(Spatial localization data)
┄┄┄┄┄┄┄┄┄┄
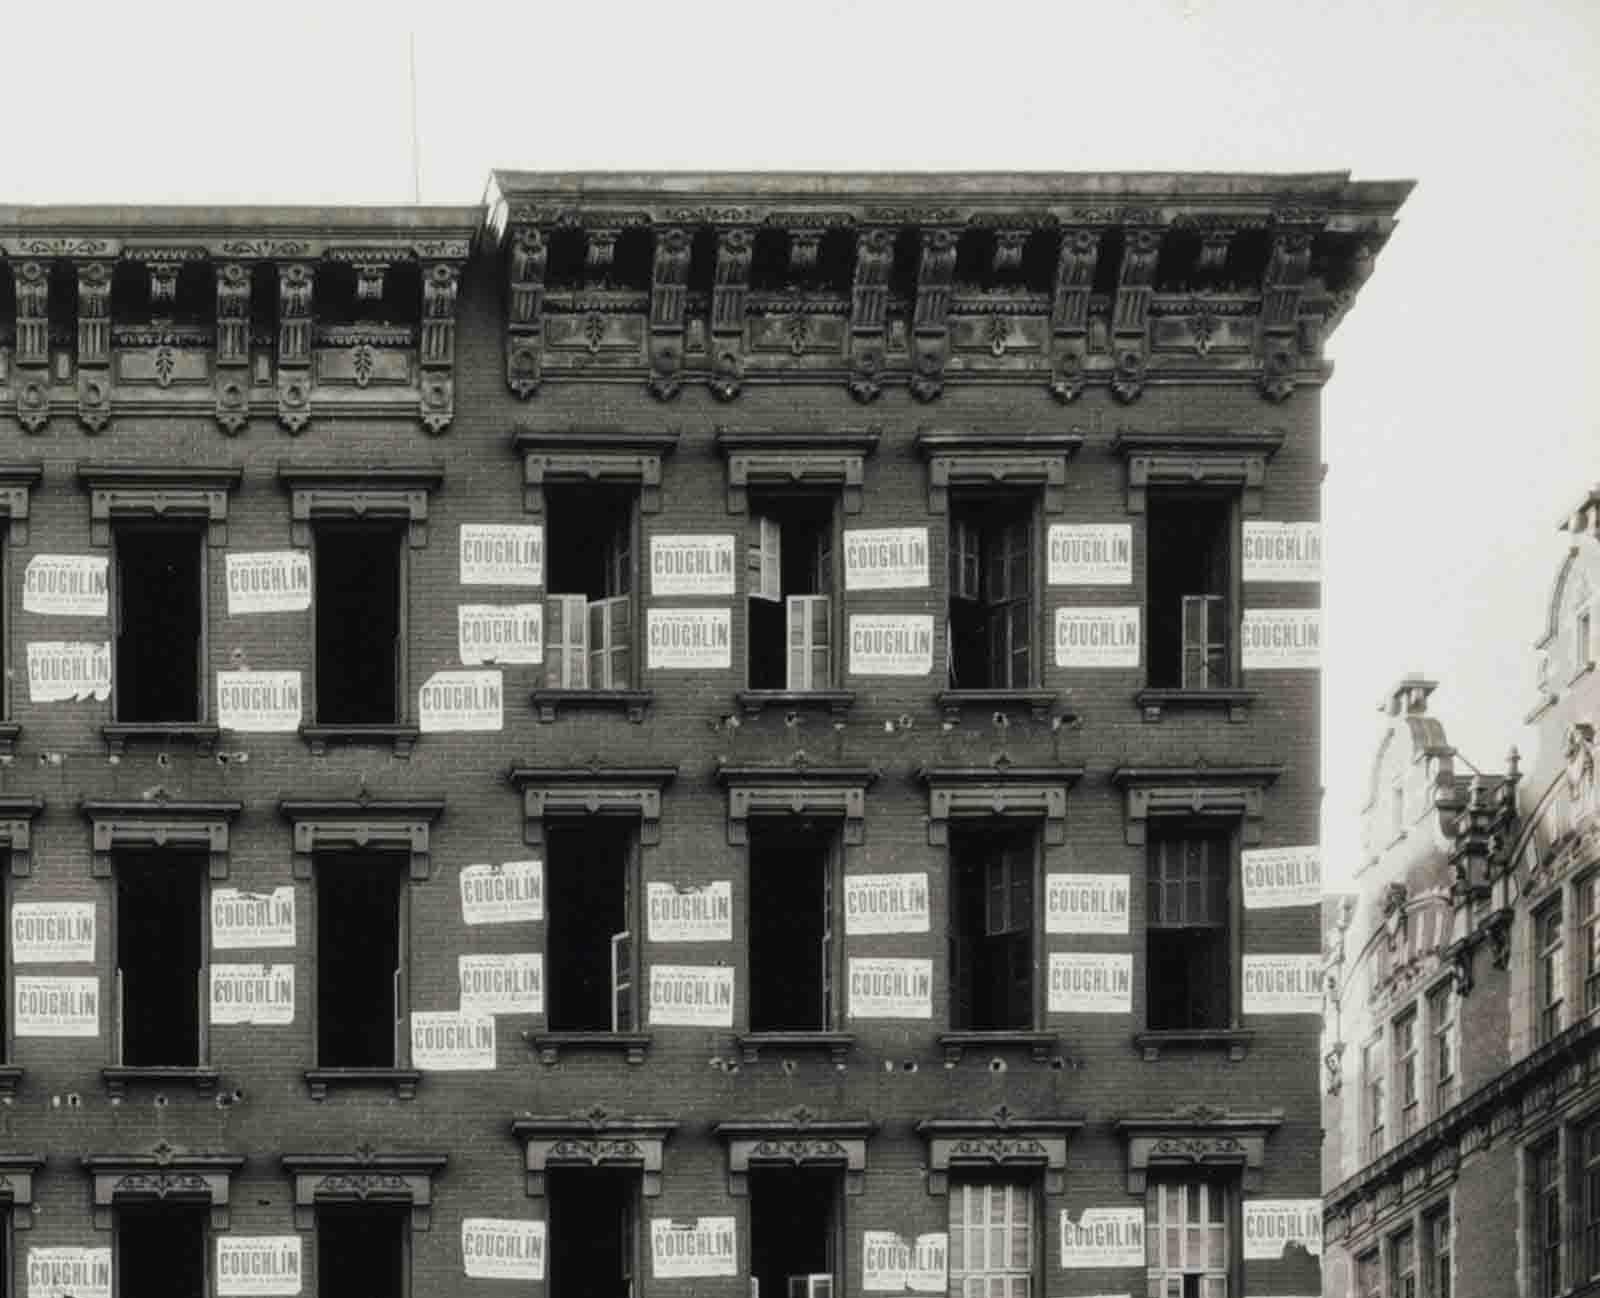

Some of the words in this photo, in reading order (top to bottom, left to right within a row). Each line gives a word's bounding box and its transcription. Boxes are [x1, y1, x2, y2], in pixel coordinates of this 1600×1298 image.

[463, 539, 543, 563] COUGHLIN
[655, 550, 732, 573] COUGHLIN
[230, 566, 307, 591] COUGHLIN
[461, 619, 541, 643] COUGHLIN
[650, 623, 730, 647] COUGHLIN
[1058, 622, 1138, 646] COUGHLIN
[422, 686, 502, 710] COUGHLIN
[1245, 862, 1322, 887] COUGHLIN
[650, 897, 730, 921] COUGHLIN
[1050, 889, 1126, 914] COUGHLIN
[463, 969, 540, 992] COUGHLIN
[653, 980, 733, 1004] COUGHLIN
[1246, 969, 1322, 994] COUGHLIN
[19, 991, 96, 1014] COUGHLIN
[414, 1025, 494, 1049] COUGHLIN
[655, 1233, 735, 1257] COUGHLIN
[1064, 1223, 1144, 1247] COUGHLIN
┄┄┄┄┄┄┄┄┄┄
- **About this exercise**
Your task is to return the entries above exactly, with no pictures.

- **Solved problem**
Some of the words in this photo, in reading order (top to bottom, left to right within a row). Each line gives a word's bounding box and its transcription. Boxes are [x1, y1, x2, y2], in pixel coordinates of this 1600×1298 image.

[463, 539, 543, 563] COUGHLIN
[655, 550, 732, 573] COUGHLIN
[230, 566, 307, 591] COUGHLIN
[461, 619, 541, 643] COUGHLIN
[650, 623, 730, 647] COUGHLIN
[1058, 622, 1138, 646] COUGHLIN
[422, 686, 502, 710] COUGHLIN
[1245, 862, 1322, 887] COUGHLIN
[650, 897, 730, 921] COUGHLIN
[1050, 889, 1126, 914] COUGHLIN
[463, 969, 540, 992] COUGHLIN
[653, 980, 733, 1004] COUGHLIN
[1246, 969, 1322, 994] COUGHLIN
[19, 991, 96, 1014] COUGHLIN
[414, 1025, 494, 1049] COUGHLIN
[655, 1233, 735, 1257] COUGHLIN
[1064, 1223, 1144, 1247] COUGHLIN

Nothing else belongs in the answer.